The justices on Tuesday turned down his appeal without comment.

Authorities learned of the pictures when Peel, after filing for bankruptcy in 2005, tried to blackmail his ex-wife into reopening the financial arrangement they made as part of their divorce. She went to the police.

Court won’t reconsider Sudan lawsuit dismissal
WASHINGTON (AP) — The Supreme Court won’t reconsider the dismissal of a $50 million lawsuit against the United States over President Bill Clinton’s 1998 missile strikes in Sudan.

The court on Tuesday refused to hear an appeal from the El-Shifa Pharmaceutical Industries plant in North Khartoum, Sudan.

The strikes were in retaliation for the bombings of the American embassies in Kenya and Tanzania by Osama bin Laden’s terrorist network. Clinton said the plant was connected to bin Laden’s terrorist activities.

The plant owners sued, saying they were defamed to justify the strike. They also were never compensated for the plant’s destruction.

The lower courts threw out the lawsuit, saying the strike was a political decision that cannot be reviewed by the courts.

The case is El-Shifa Pharmaceutical Industries Co. v. United States, 10-328.

Justices remove roadblocks in 2 Texas executions
WASHINGTON (AP) — The Supreme Court has rejected appeals from two Texas death row inmates whose executions the court had previously blocked.

In denying appeals Tuesday from former Army recruiter Cleve Foster and Gayland Bradford, the justices cleared the way for the state to schedule new execution dates for the two men.

Last week, the court stopped Foster’s lethal injection hours before he was to die for a rape and killing in Ft. Worth nine years ago. In October, Justice Antonin Scalia granted a reprieve to Bradford who received a death sentence for the shooting death of a Dallas grocery store security guard more than two decades ago.

Court rejects appeal over DC gay marriage law
WASHINGTON (AP) — The Supreme Court has rejected an appeal from opponents of same-sex marriage who want to overturn the District of Columbia’s gay marriage law.

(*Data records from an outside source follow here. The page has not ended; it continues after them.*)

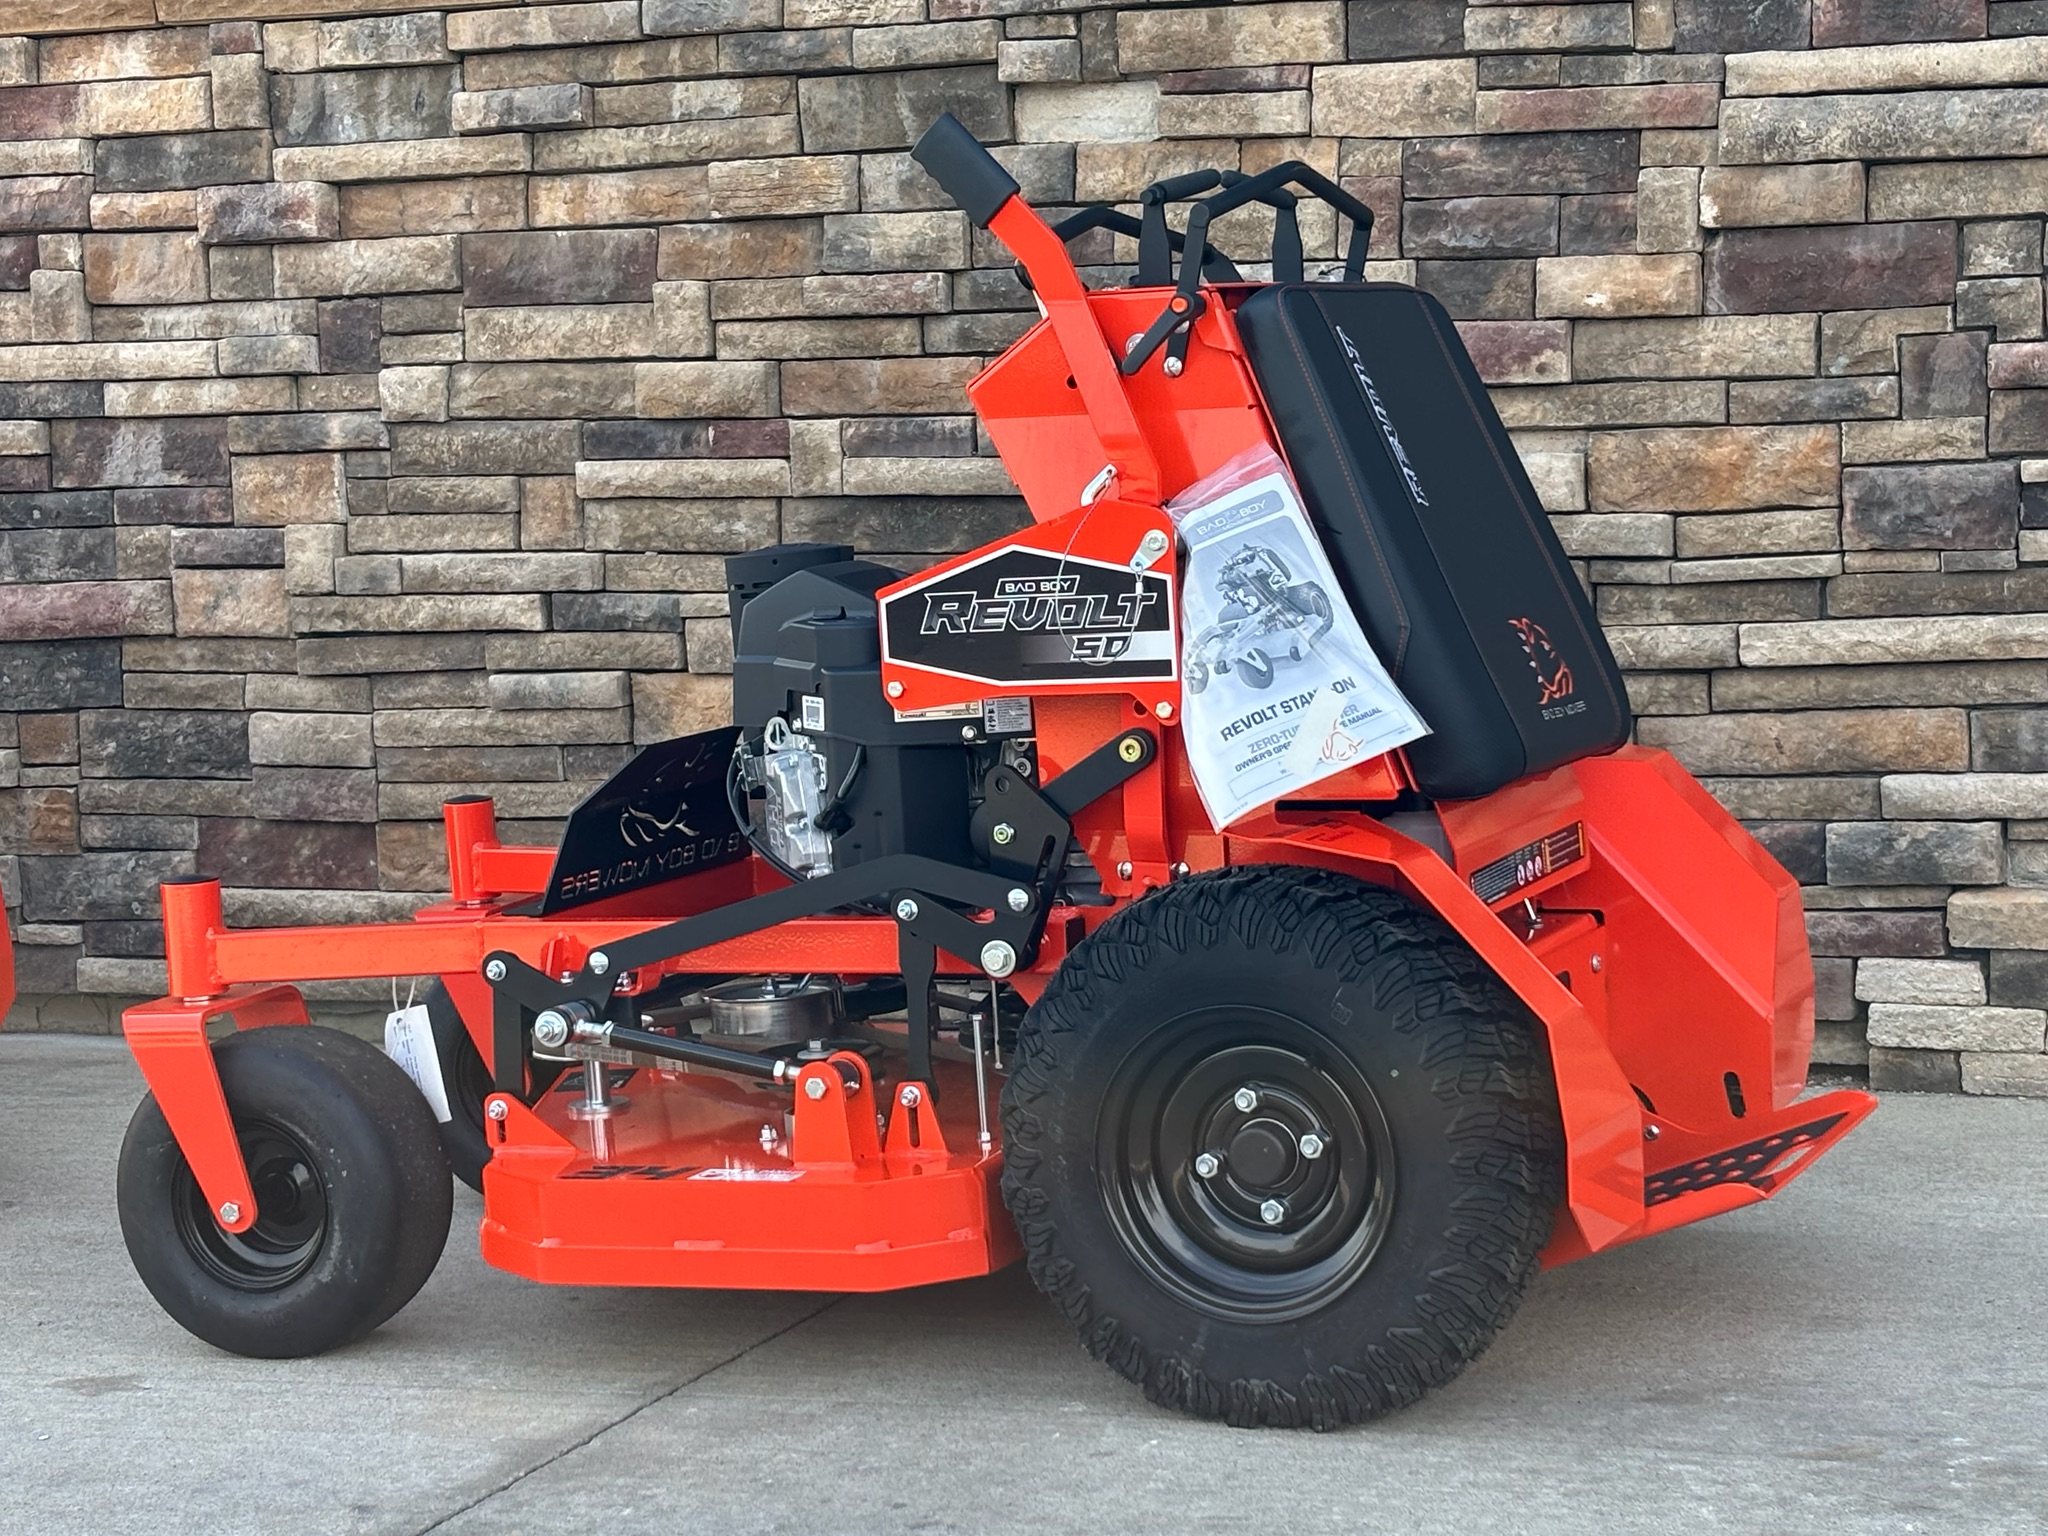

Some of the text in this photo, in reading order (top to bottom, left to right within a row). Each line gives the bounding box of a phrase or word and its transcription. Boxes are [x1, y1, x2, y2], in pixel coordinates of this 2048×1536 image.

[1196, 517, 1227, 536] BAD
[1239, 499, 1266, 517] BOY
[1005, 580, 1072, 593] BAD BOY
[920, 591, 1158, 635] REVOLT
[1220, 704, 1279, 742] REVOLT
[1235, 749, 1273, 773] OWNER'S
[1348, 706, 1383, 726] MANUAL
[1247, 724, 1300, 755] ZERO-TU

The court did not comment Tuesday in turning away a challenge from a Maryland pastor and others who are trying to get a measure on the ballot to allow Washingtonians to vote on a measure that defines marriage as between a man and a woman.

Bishop Harry Jackson led a lawsuit against the district’s Board of Elections and Ethics after it refused to put that initiative on the ballot. The board ruled that the ballot question would in effect authorize discrimination.

Last year, Washington began issuing marriage licenses for same-sex couples and in 2009, it began recognizing gay marriages performed elsewhere.

High court rejects appeal in Arizona execution
WASHINGTON (AP) — The Supreme Court has rejected an appeal from Arizona death row inmate Daniel Wayne Cook, convicted of strangling two men in 1987.

The justices did not comment on their order Tuesday. Cook says his death sentence should be reversed because he has post-traumatic stress disorder and organic brain damage.

Separately, he is challenging the state’s use of a sedative drug in executions. Arizona has acknowledged buying the sedative from a company in Great Britain because of a shortage of the drug in the United States. The state has refused to disclose the company manufacturing it.